Se subió al bus en el kilómetro 138 y lo inundó completamente con su belleza. Nadie la notó. Solo yo vi cómo se aproximaba en todo su esplendor, como lo hace un huracán de divinidad cuando nos consume. Se sentó junto a mí y apoyó su cabeza en el asiento frente a ella mientras se cubría el rostro con sus manos. Lloraba efusivamente, a cántaros, y entre llanto y llanto, sollozaba. Pasaron los kilómetros y, cerca de la ciudad de Sébaco, me armé de valor para hablarle.

—¿Qué te pasó? —le pregunté. Me miró con unos ojos enrojecidos y volvió a llorar desconsoladamente—. ¿Qué te pasó? —le pregunté de nuevo, esta vez con más fuerza.

Se incorporó, me miró con ojos fijos y respondió pausadamente:

—Estoy destrozada. No me quiero morir, pero ellos no hacen nada.
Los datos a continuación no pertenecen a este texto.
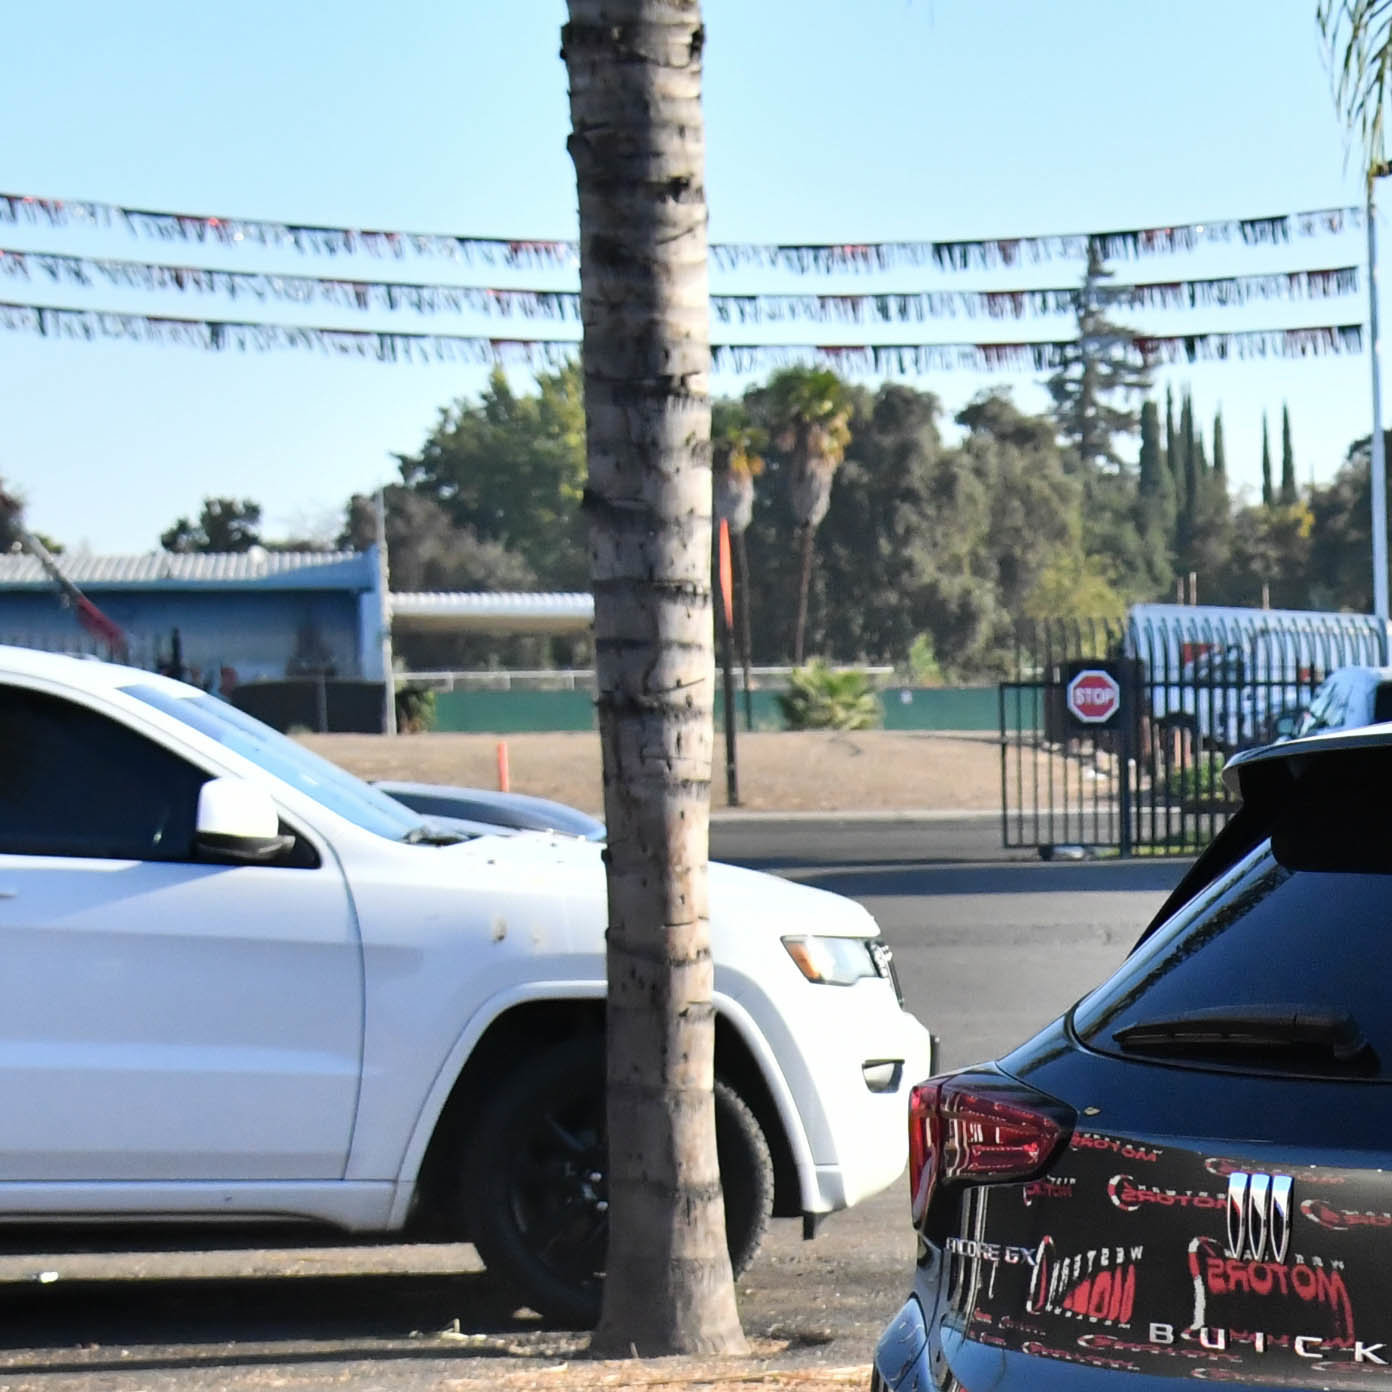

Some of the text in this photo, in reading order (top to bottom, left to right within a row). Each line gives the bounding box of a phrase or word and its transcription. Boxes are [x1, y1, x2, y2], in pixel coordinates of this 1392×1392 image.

[1074, 687, 1115, 705] STOP
[1005, 1246, 1037, 1266] GX
[1148, 1322, 1388, 1365] BUICK
—¿Quiénes son «ellos»? —le pregunté.

—Los doctores, los que me están matando mientras nadie lo impide.

—Calmate un poco, quiero ayudarte, pero tenés que calmarte. Tenés que comprender que muchas veces los doctores se equivocan. Por eso es bueno siempre buscar una segunda opinión —le dije con seguridad.

—Tenés razón, algunas veces exagero, pero en este caso creo que tengo razón de preocuparme. Voy a tratar de pensar en algo más para distraer la mente de esas preocupaciones. Y vos, ¿cómo te llamás?

—Jorge Luis Castillo. Mucho gusto en conocerte. Soy de Estelí y estoy estudiando medicina en la UNAN Managua. Por eso te digo que te calmés, porque conozco a muchos médicos, y siempre me cuentan que en la viña de nuestro Señor hay frutas maduras y podridas. Ya estoy en cuarto año de medicina y lo estoy disfrutando mucho, preparándome para lo que será el inicio de mi carrera profesional. Y vos, ¿cómo te llamás?

—Me llamo Brisa Rodríguez. Estudio el tercer año de Comunicación Social en la UCA. Tenés una cara bien agradable, Jorge Luis. Disculpá si te lo digo así, pero yo soy bien honesta y directa.

—Y vos sos bien linda, Brisa. Y tu nombre no lo voy a olvidar jamás porque es precioso. Cuando entraste al bus, no pude evitar mirarte. Entonces, ¿vivís en Estelí?

—Sí, vivo en el barrio José Benito Escobar. ¿Conocés el monumento a José Benito? Bueno, vivo del monumento, tres cuadras al este.

—¿Y tenés novio? —le pregunté, cruzando mi Rubicón personal.

—Acabo de terminar con él —me dijo—. Era demasiado celoso y me andaba siguiendo por todos lados. Yo nunca le di ningún motivo, pero ya sabes cómo es una persona celosa, se ciega y se ahoga en un vaso de agua aún sin motivo aparente —continuó mientras pasábamos por Las Playitas—. Así que ahora estoy soltera y bastante triste por este asunto. Te agradezco mucho; el hecho de hablarlo con vos me ha permitido desahogarme un poco.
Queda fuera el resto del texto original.